In an industry that saw seminal figures like Raj Kapoor, paradigm-shifting heartthrobs like Rajesh Khanna, cult figures like Dev Anand, and the towering presence of the actor called Amitabh Bachchan — not to mention the supersonic stardom of the triple-whammy called Khan, those who watched Dilip Kumar entirely invent a new technique of acting are unanimous that he remains unsurpassable for almost single-handedly redefining the craft. It’s why, when the stalwart passed away on 7th July 2021 in Mumbai at the age of 98, it feels like an age that has irrevocably passed.
That this is true for his wife, veteran actor Saira Bano, is inevitable. “God snatched away my reason for living. Without Sahab, I won’t be able to think about anything.

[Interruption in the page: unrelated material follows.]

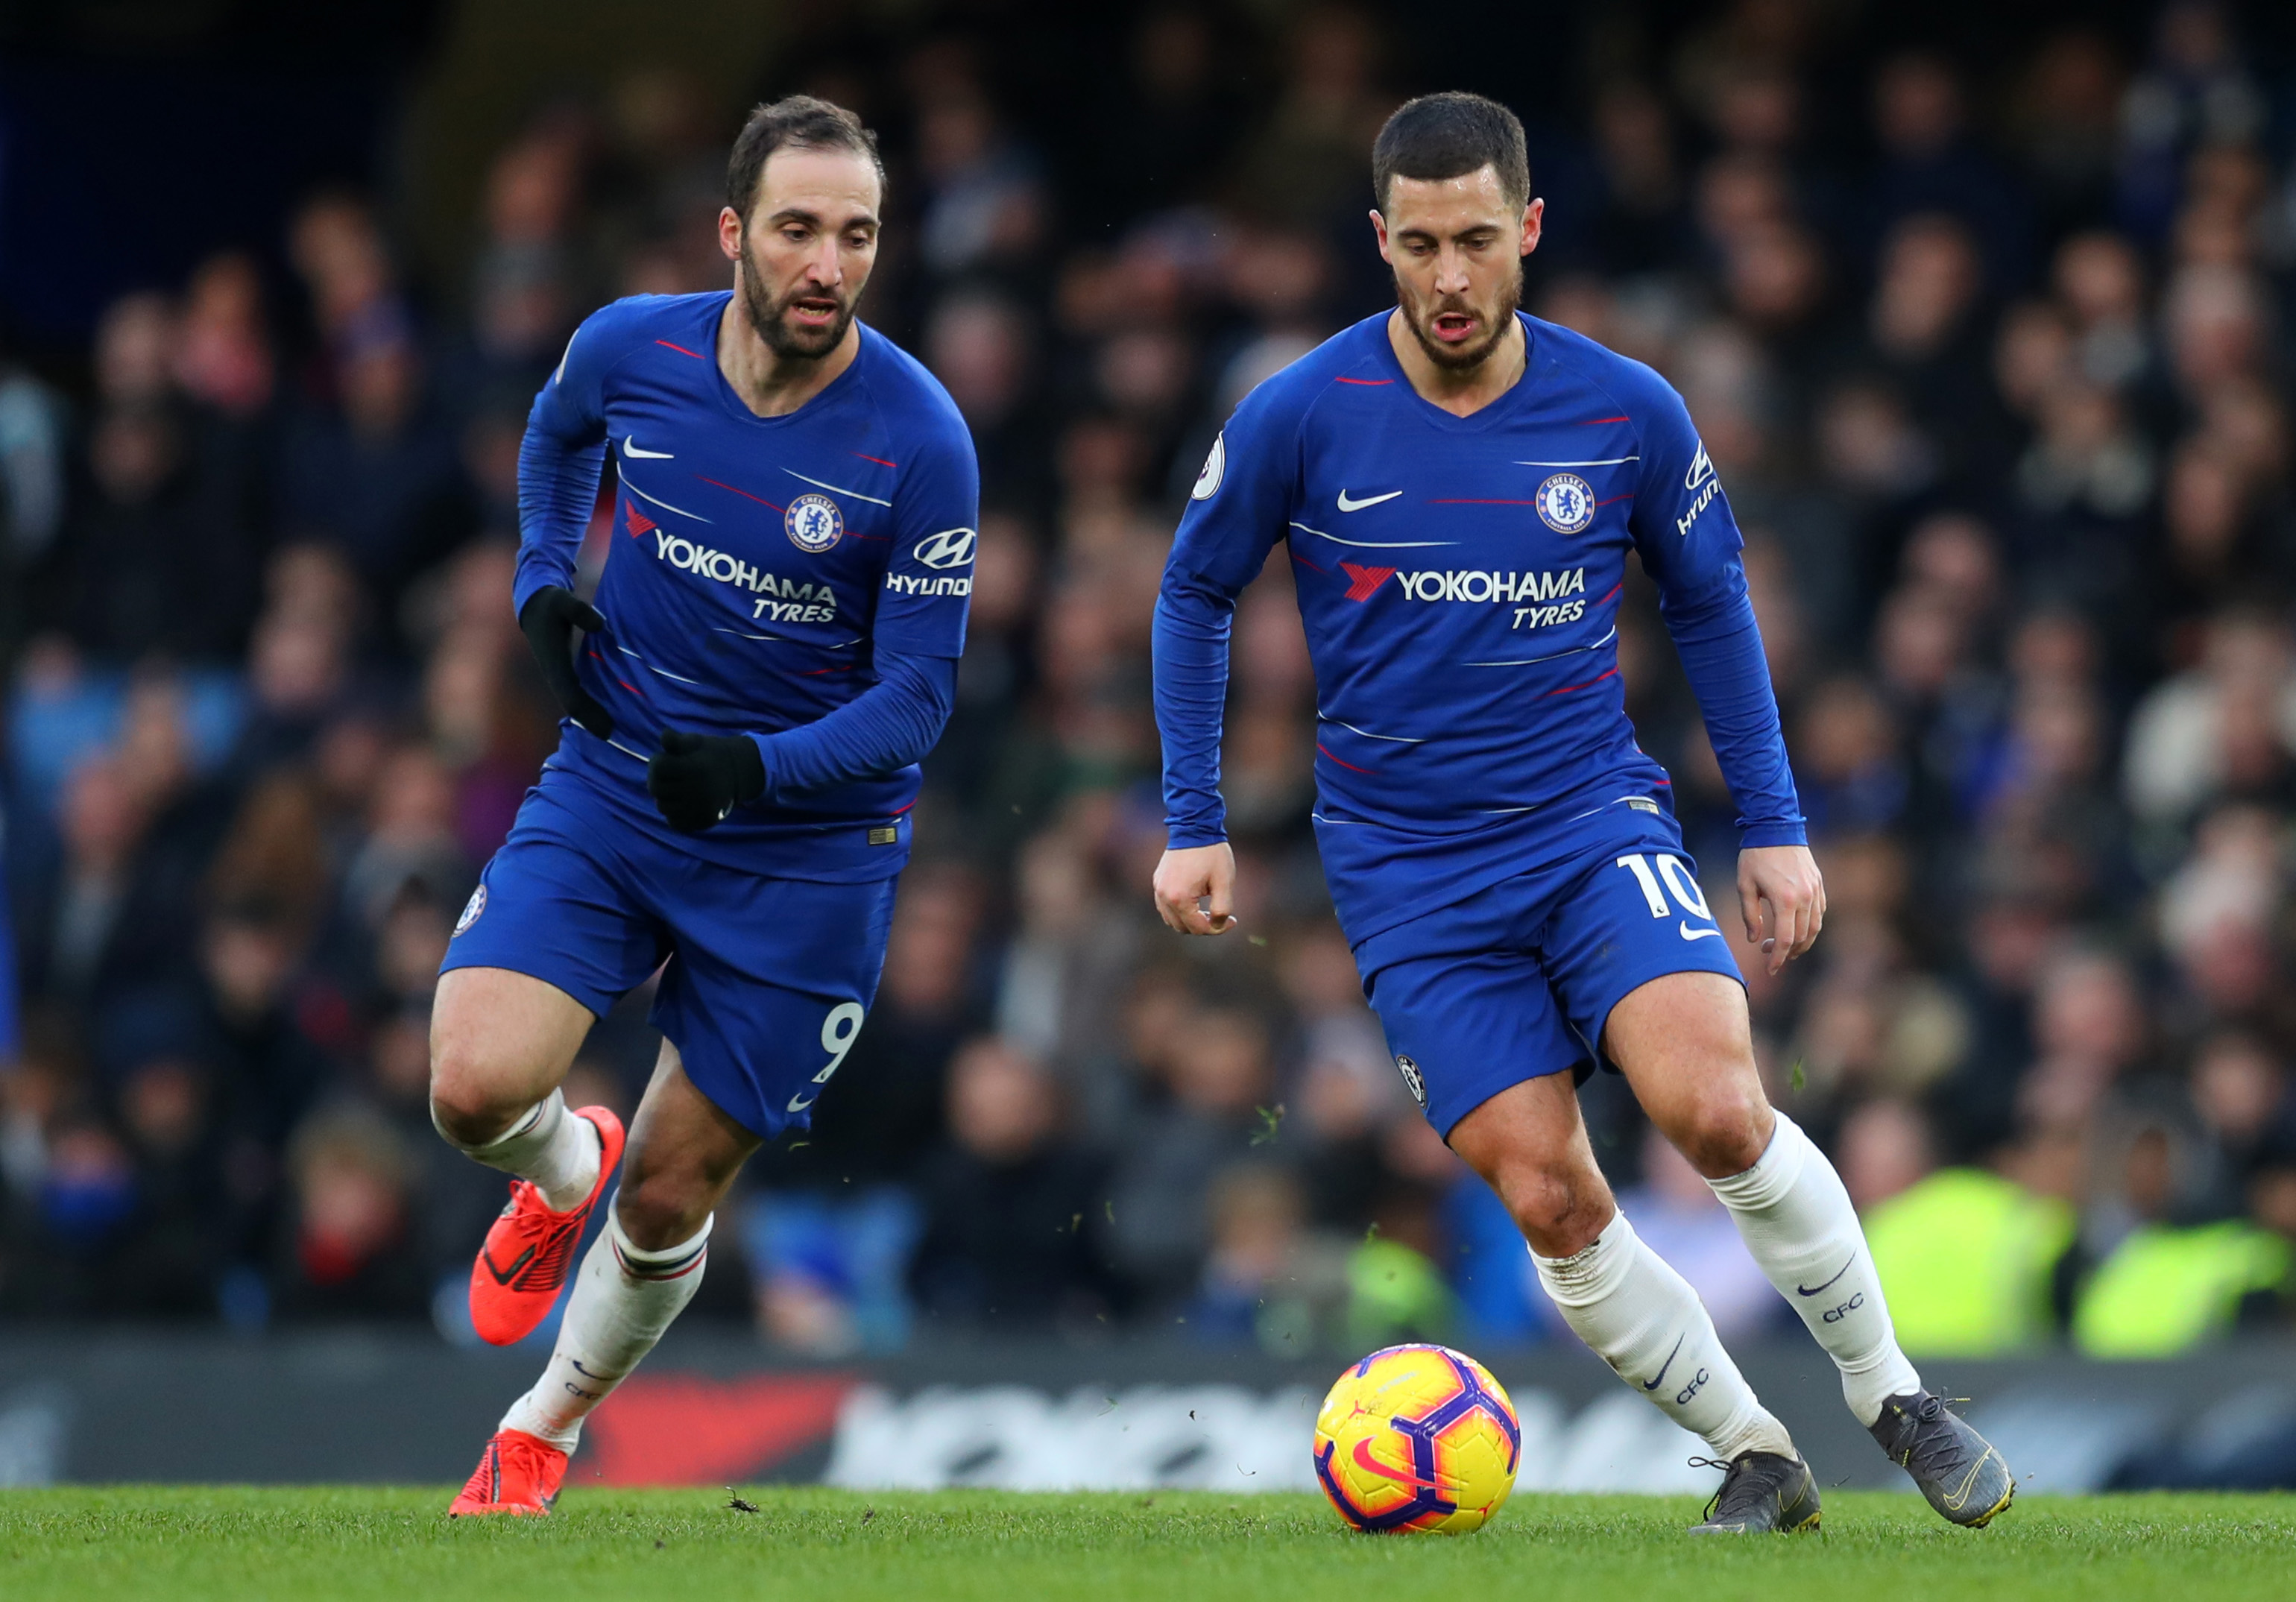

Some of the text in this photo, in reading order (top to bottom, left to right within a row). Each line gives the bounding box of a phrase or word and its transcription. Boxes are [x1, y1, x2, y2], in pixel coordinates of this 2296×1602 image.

Everyone, please pray,” were reportedly her first words after Kumar’s death was pronounced.
But what is remarkable is that a singular degree of bereftness seeped into the tone of millions of fans across the country, too, even a generation that grew up after his prime cinematic years were past.
But then Dilip Kumar’s path in Bollywood was nonpareil, right from his first film Jwar Bhatta in the year 1944 — when India was quite literally another country, not yet free of British rule, not yet split into two nations — till his very last film, Qila, a staggering 54 years later, in 1998. In an industry where actors and actresses go into oblivion even after working in hundreds of films, Dilip Kumar made his remarkable, unsurpassable identity despite having a relatively limited filmography in numerical terms — about 65 films in all.

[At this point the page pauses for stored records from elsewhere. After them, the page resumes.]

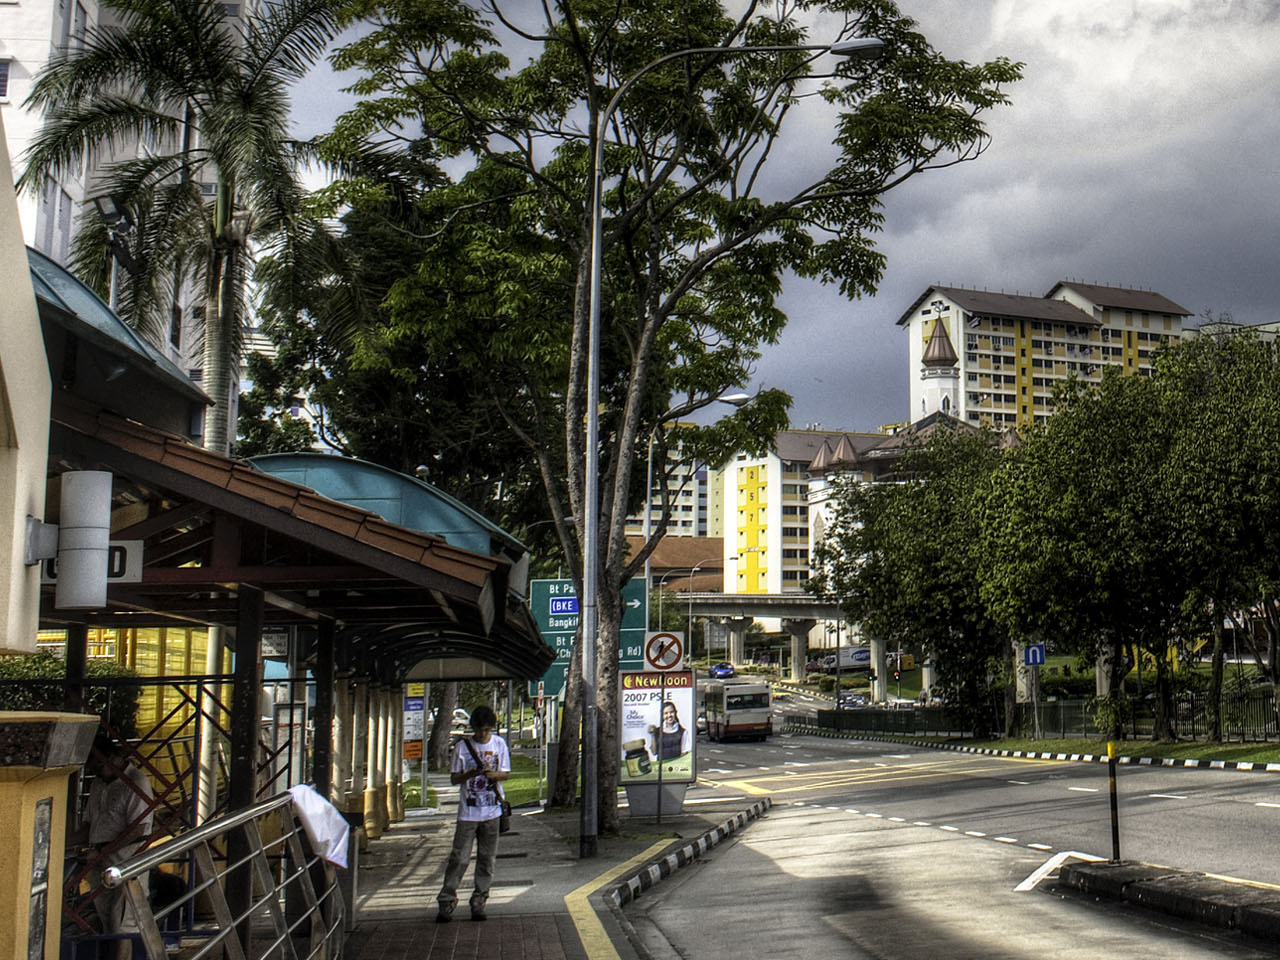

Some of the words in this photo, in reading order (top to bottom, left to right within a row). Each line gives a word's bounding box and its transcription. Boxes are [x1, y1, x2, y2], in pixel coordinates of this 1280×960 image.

[549, 584, 560, 594] Bt
[552, 600, 573, 611] (BKE
[556, 636, 566, 646] Bt
[627, 645, 642, 656] Rd)
[624, 693, 647, 702] 2007
[650, 691, 673, 701] PSE

Born on 11th December 1922 as Mohammad Yusuf Khan, the actor went on to take the stage name ‘Dilip Kumar’ and went on to redefine both success and cinema itself. He also got the title of ‘TragedyKing’ by his fans because of the portrayal of serious roles in the film. Dilip Kumar was also the first Khan of Indian cinema. Kumar has won almost eight times the Filmfare Award for Best Actor, which remained for decades the highest in the Industry till it was later equalled by Shah Rukh Khan. Kumar faced various ups and downs in his film career. After his first film Jwar Bhatta, he did a host of other modestly successful or even unsuccessful films. But it was the film Andaaz in 1949 that turned out to be the breakthrough he was waiting for, a film in which he starred alongside Raj Kapoor and Nargis, even though the winning streak had begun with his first major hit Jugnu (1947) in which he worked with Noor Jehan, which was a box-office blockbuster. But perhaps it is the 1950s that can be called the Dilip Kumar decade, and gave us seminal after seminal film that transcend time and genre.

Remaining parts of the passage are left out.